I need to remember this since the doubts of why I’m doing this training for the marathon are starting to creep in. Why after 3 marathons do they still come? Anyway, this is for me to remember and hopefully remind you too.
What do you think about when I say self-care? To me, self-care is doing something selfish to nurture yourself so you are more able to deal with the stressors of life/people in a healthy way. And guess what? I fully believe that we all need to be selfish. We really need to spend time taking care of ourselves even when we feel like we shouldn’t.
What ways do you take care of yourself? I have found this differs for many people but in the end it comes down to what makes us feel good which could be getting a haircut, spending time shopping, taking a long bath or even just reading a book. I was told today by a fellow clinician that I have the best self-care they have ever seen, I found it very interesting and it made me think.
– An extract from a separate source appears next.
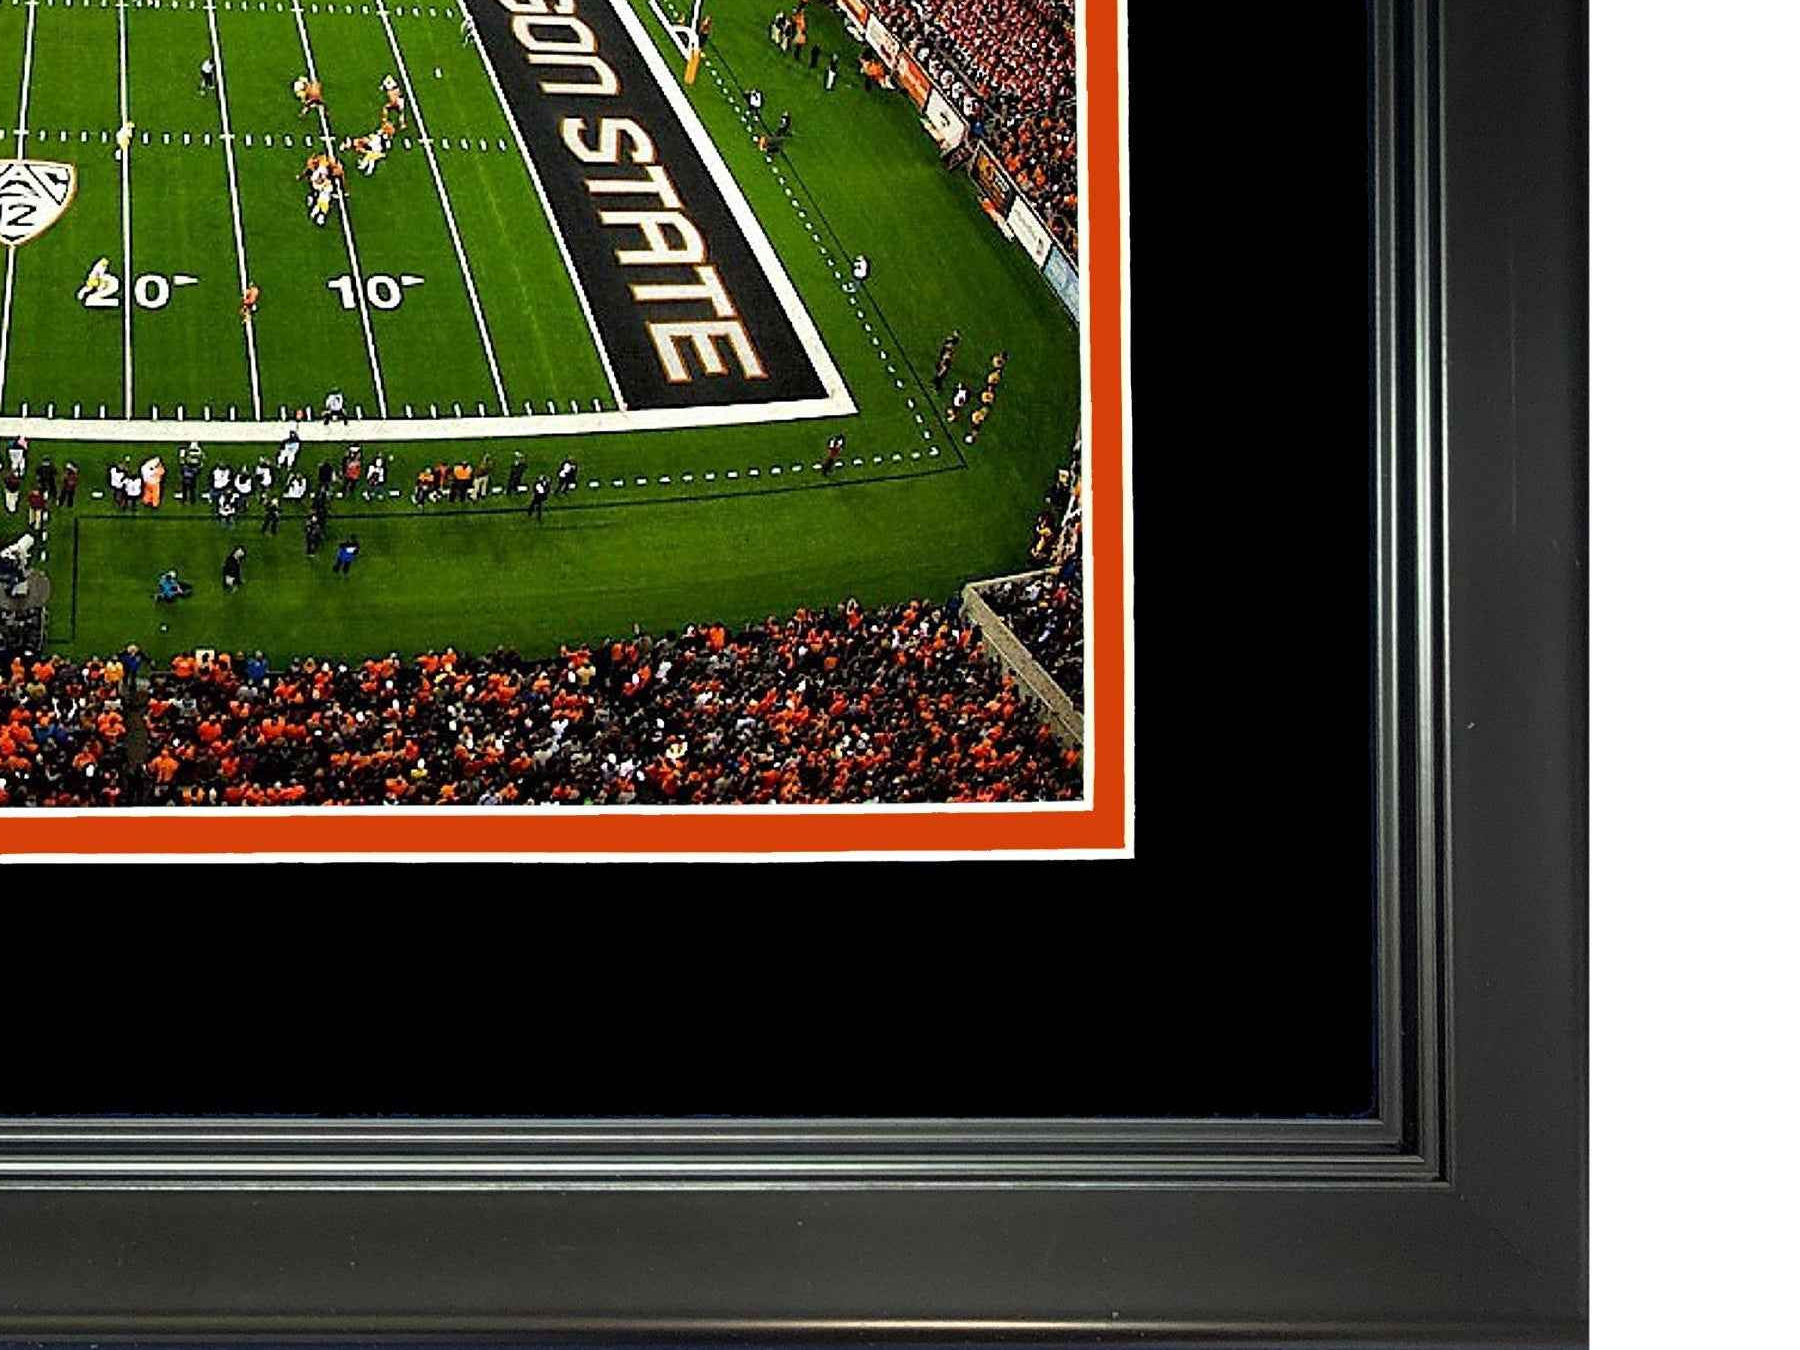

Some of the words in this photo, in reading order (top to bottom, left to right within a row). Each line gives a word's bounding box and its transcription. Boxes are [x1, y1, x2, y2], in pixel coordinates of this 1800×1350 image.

[560, 115, 771, 384] STATE
[83, 273, 170, 309] 20
[327, 274, 402, 310] 10
Why is mine any different than others and really what is it? So I started thinking about my day. Starting with my work because in my field it is very easy to forget about yourself and work very long hours because the need is so great. I have learned that I am not a good clinician if I work to many hours in a week. I find that I don’t think as clear and I am not present for my clients. So I limit the amount of hours I work (usually around 37-40) and I only have one long day during the week as well as being done working with clients by 1pm on Friday’s (I kind of feel sorry for my last client on Friday because sometimes I’m so tired by that point that I feel like they don’t get all my attention.) I structure my day with the same routine during the week which is breakfast, devotional and daily gratitude list making me list at least 3 things I’m grateful for each day without repeating anything during the week (give it a try because it really makes you look at all the small things and be grateful). Even when I’m not training for a marathon, I try to spend at least 5-6 days at the gym or doing some type of physical exercise a week because I really am a better person to be around if I’m doing this. I have learned to take the positive approach to things even when the most negative things happen. (This may not seem like self-care but if a negative thought is taking over your mind than you tend to stress and beat yourself up about things that are out of your control) And finally I have found that adding a massage to my life once a month not only helps the stress release but the sore muscles from all that running and cross training.
Now that I spell it all out, I do have pretty good self-care. Also, I’m pretty selfish. But you know what, I don’t hear any complaints from my family, friends and coworkers/clients. I really believe being selfish is a good thing. Are you selfish? Why not? I will allow you to label it “Self-Care”! 🙂
I don’t know about you but this time of the year I find myself beyond overwhelmed. It is really all I can do to finish work, fix dinner for the fam, and get some rest to start it all over the next day. I get so excited when it is the weekend but before I know it, BAM, it’s time to start it all over again. Today I was so happy that I got out of work at 12pm. I was able to come home and fix myself a hot lunch, which is unusual because I usually eat a sandwich real quick between clients. I find that this doesn’t help the overwhelmed feeling.
Today, I was able to put a word to what I was feeling. I thought it was stress but really I didn’t have a lot to be stressed about because Dave was doing most of the Christmas shopping and thanks to the internet I have been able to do a little in the evening. But today I just decided it was the emotions that happen this time of year when you don’t live close to your family, you want to do so many things, and you want to keep your level of work performance really high especially when your clients are really struggling. So instead of stressed out, I call it being overwhelmed. I find that my overwhelmed person tends to pull back from all social media, spends alone time on the verge of tears (yes, even a therapist has emotional times), and just not exercising like I should (which probably would help the verge of tears self!).
So now that I realize it and the Christmas season is just at its most stressful/overwhelming period I have to make a plan. Dave mentioned to me that I haven’t been blogging very much so maybe I should use my blog for what I intended (a place to talk) and focus back on what is important. If I don’t get that perfect gift for someone, it’s not going to be a big deal. If I go for that long run and miss an event it is not going to be that big of a deal, because I do better when I allow myself some time to meditate while I run. I need to take the pressure off myself. Time to get back to some basics.
I did find myself more relaxed last Sunday after the Jingle Bell 5K with my marathon friend. It was great to run with a friend and 5500 of my closest running friends. I felt sheer joy to be doing something I love.
Are you feeling like me? Maybe it is time for you to take a break too. What is your plan?